Not quite. _Thermos_ , _escalator_ , and _cellophane_ became generic terms,
free for anyone to use, because everyone started using them and the trademark
owners didn't try to stop them. [0] That's why Xerox famously advertised that
we should say that we made a Xerox copy of a document, not that we xeroxed it.

( _Aspirin_ also became generic, and thus free for anyone to use, _in the
U.S._ , but that's because the trademark was seized from its German owner,
Bayer AG, as part of reparations after World War I. [1] _Aspirin_ is still a
trademark of Bayer in most of the rest of the world.)

[0]
[https://www.inta.org/INTABulletin/Pages/ASPIRINBrandorAspiri...](https://www.inta.org/INTABulletin/Pages/ASPIRINBrandorAspirinTabletsAvoidingtheGenericideHeadacheintheUnitedStates.aspx)

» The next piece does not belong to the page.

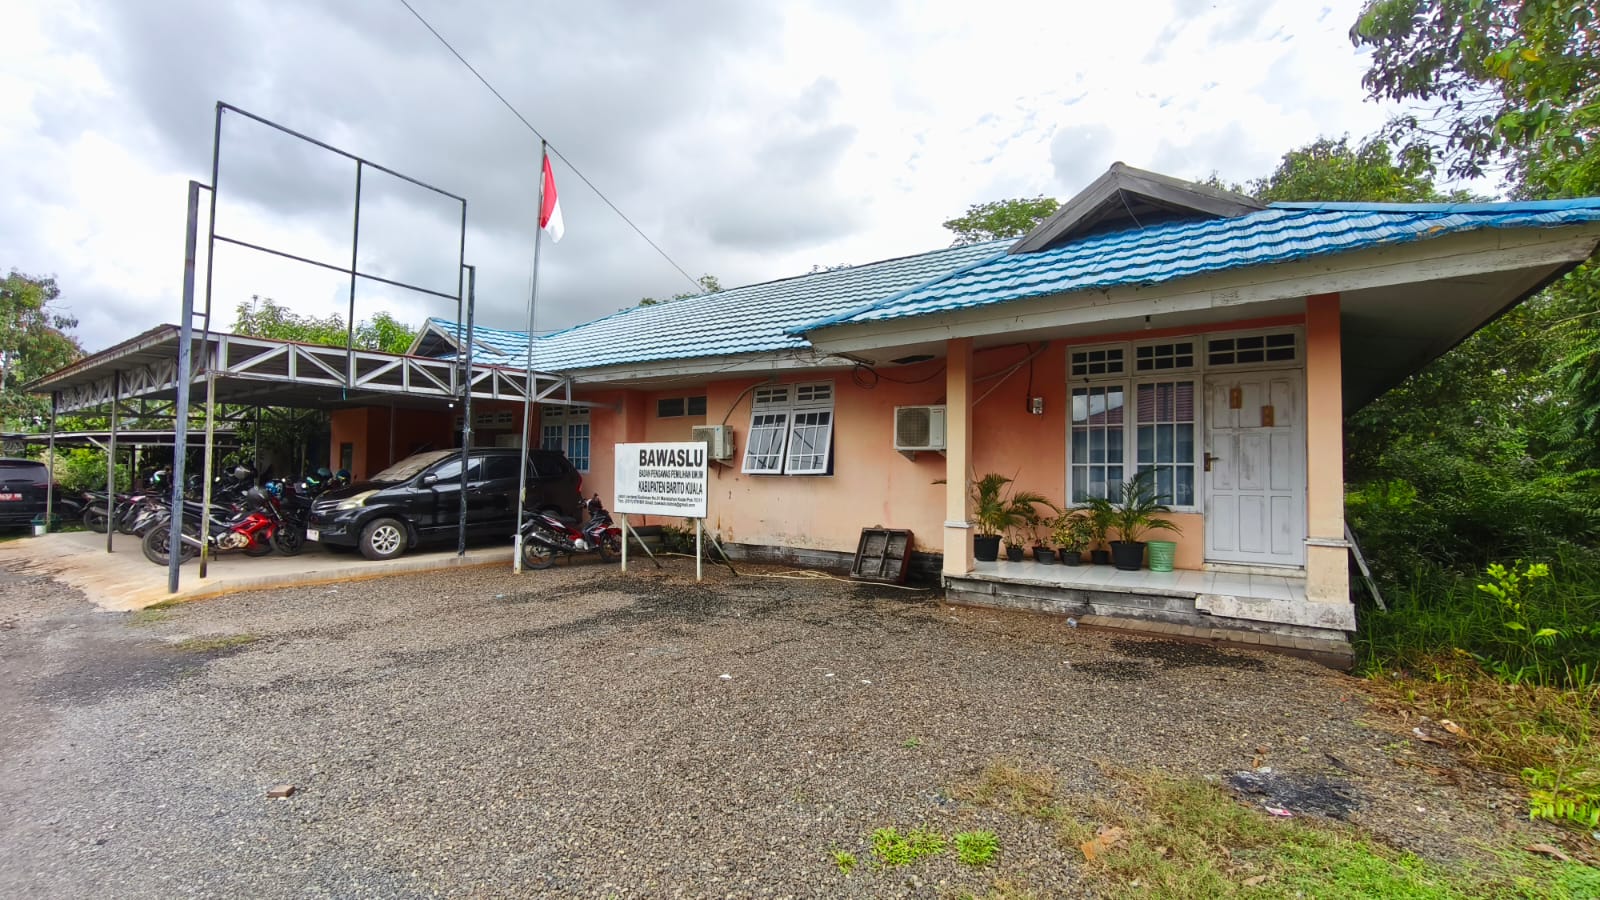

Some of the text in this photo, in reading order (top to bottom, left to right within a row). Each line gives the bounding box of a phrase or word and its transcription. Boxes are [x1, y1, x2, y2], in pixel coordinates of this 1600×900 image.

[639, 449, 703, 467] BAWASLU
[638, 480, 703, 496] KABUPATEN BARITO KUALA

[1] [https://www.latimes.com/archives/la-
xpm-1994-09-13-fi-38019-...](https://www.latimes.com/archives/la-
xpm-1994-09-13-fi-38019-story.html)

------
achow
> _This patent describes a generic architecture for a machine that automates
> testing for the presence of substances in bodily fluids. In the system
> described by the patent, an operator inserts a "test device" (which contains
> both the bodily fluid to be tested and the reactants required to perform the
> test) into a "reader device." The reader device then triggers the necessary
> chemical reactions to perform the test and reports the results. Theranos'
> patent isn't limited to any specific bodily fluid, reactants, or testing
> protocol._

!

------
neaden
I don't see any reason that a firm like Theranos shouldn't have had all of
it's patents struck down as void once it was obvious it was a scam. What
incentive do we have as a society to allow con artists to patent things and
inhibit real research?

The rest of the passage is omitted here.